**ASSIGNED TASK:** An exact transcription of all the records below is required, without any images.

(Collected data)
==========

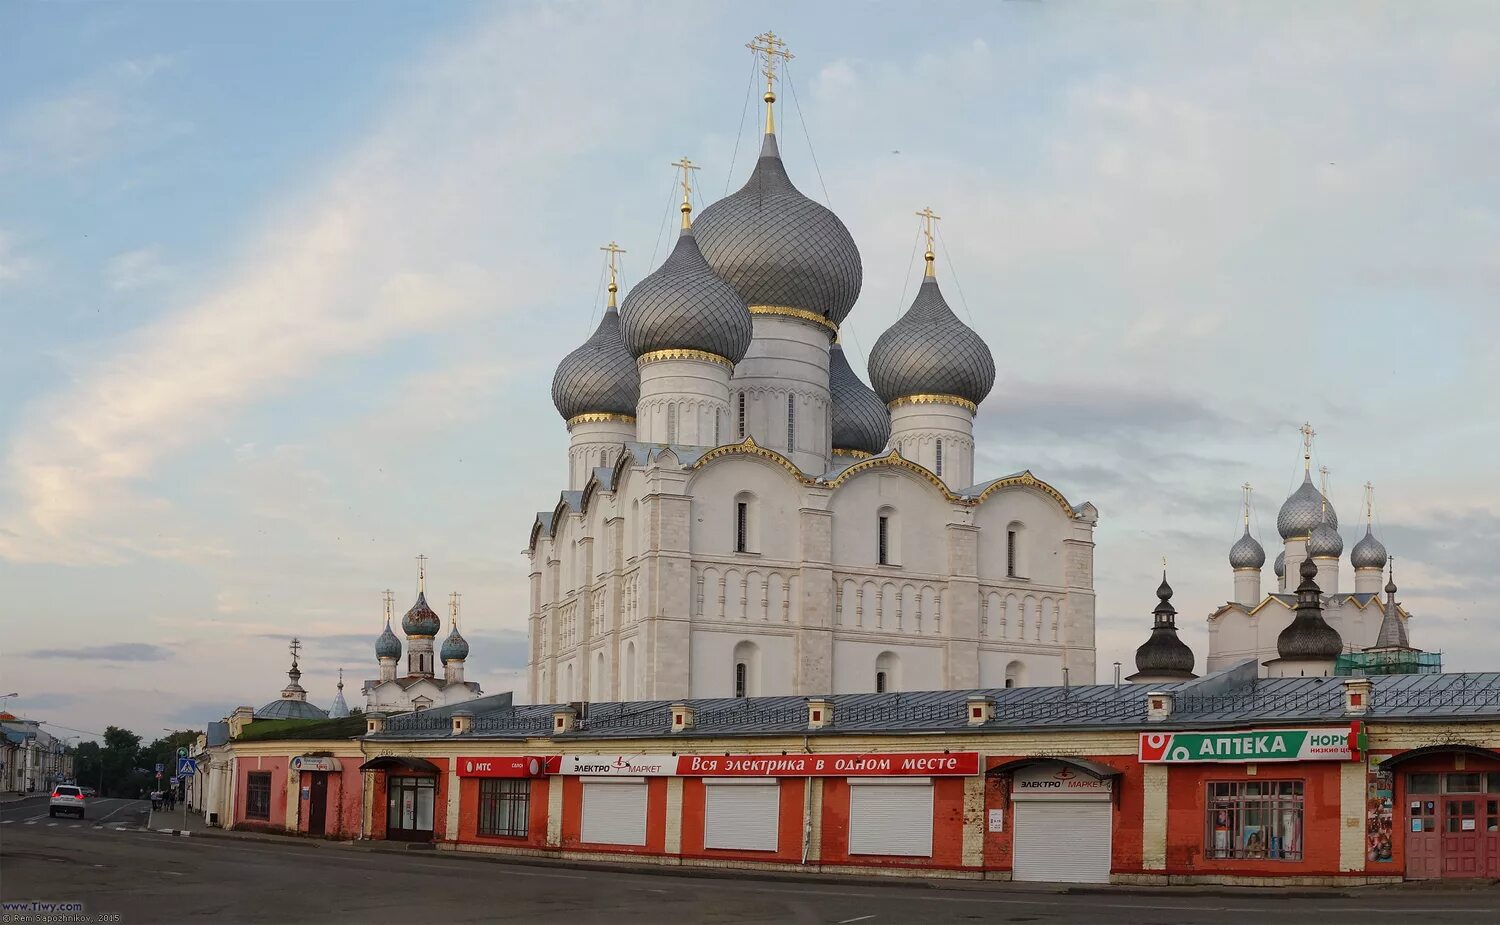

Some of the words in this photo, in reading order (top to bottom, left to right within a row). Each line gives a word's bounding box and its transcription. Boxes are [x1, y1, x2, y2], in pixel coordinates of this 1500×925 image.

[1199, 735, 1287, 755] АПТЕКА
[475, 763, 492, 772] МТС
[627, 764, 662, 773] МАРКЕТ
[691, 757, 718, 771] Вся
[724, 759, 806, 775] электрика
[815, 759, 825, 770] в
[834, 757, 891, 771] одном
[901, 756, 957, 770] месте

==========

**SOLUTION BELOW:**
Some of the words in this photo, in reading order (top to bottom, left to right within a row). Each line gives a word's bounding box and its transcription. Boxes are [x1, y1, x2, y2], in pixel coordinates of this 1500×925 image.

[1199, 735, 1287, 755] АПТЕКА
[475, 763, 492, 772] МТС
[627, 764, 662, 773] МАРКЕТ
[691, 757, 718, 771] Вся
[724, 759, 806, 775] электрика
[815, 759, 825, 770] в
[834, 757, 891, 771] одном
[901, 756, 957, 770] месте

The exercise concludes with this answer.